▶ _Task input_

-----

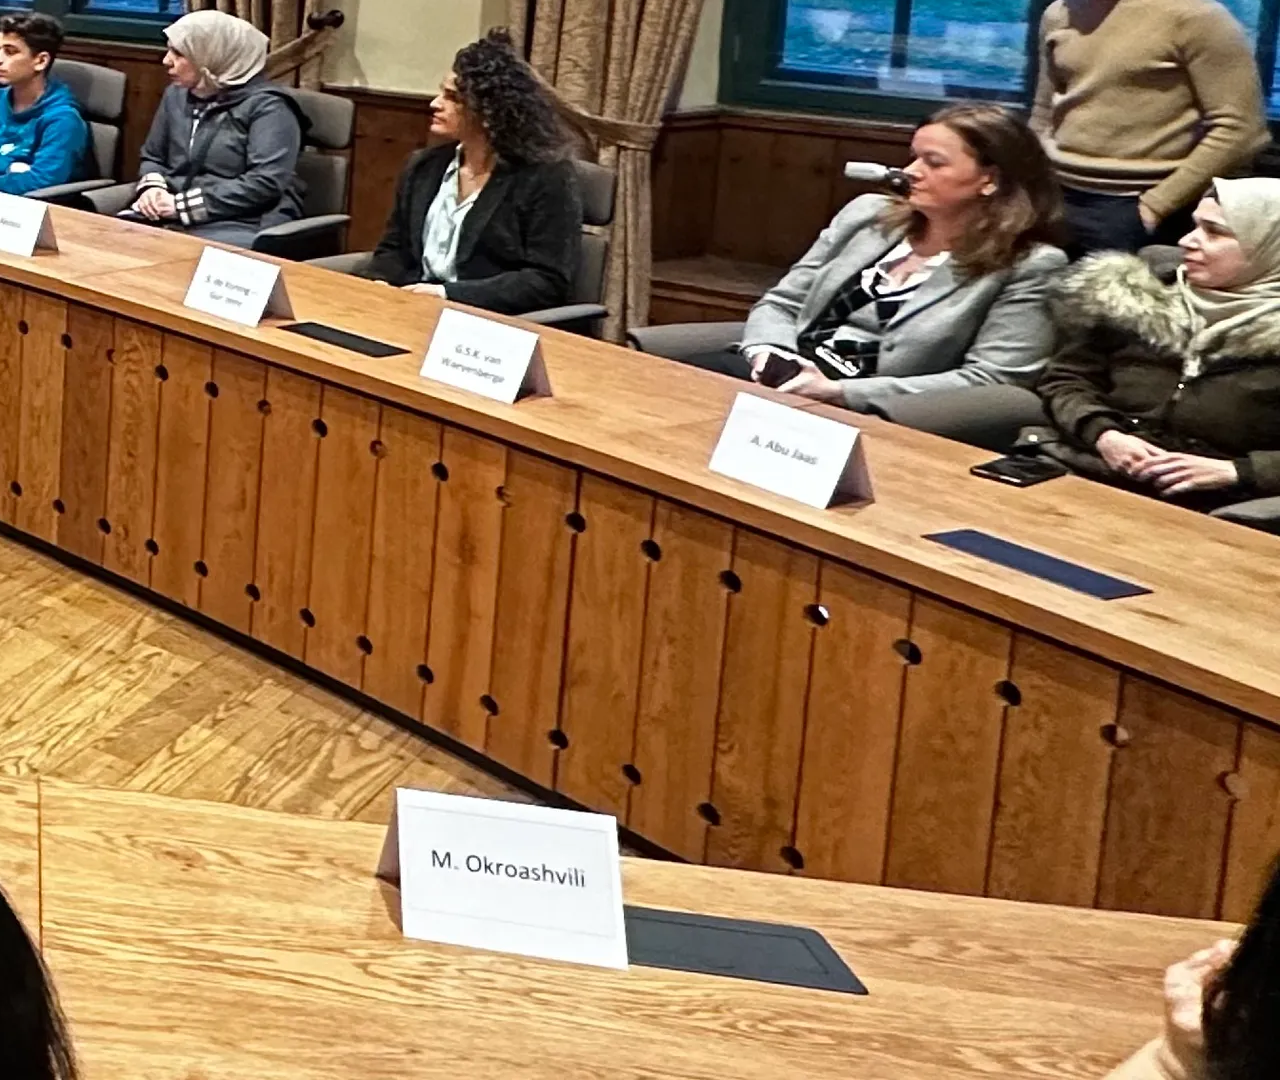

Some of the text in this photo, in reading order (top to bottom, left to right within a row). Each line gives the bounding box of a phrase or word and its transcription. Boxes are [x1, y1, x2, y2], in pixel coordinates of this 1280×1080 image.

[483, 354, 501, 365] van
[750, 435, 762, 448] A.
[765, 440, 789, 456] Abu
[431, 849, 586, 888] M. Okroashvili

-----

▶ _Work item_
Can you repeat every record above exactly, apart from the pictures?

▶ _Exercise response_
Some of the text in this photo, in reading order (top to bottom, left to right within a row). Each line gives the bounding box of a phrase or word and its transcription. Boxes are [x1, y1, x2, y2], in pixel coordinates of this 1280×1080 image.

[483, 354, 501, 365] van
[750, 435, 762, 448] A.
[765, 440, 789, 456] Abu
[431, 849, 586, 888] M. Okroashvili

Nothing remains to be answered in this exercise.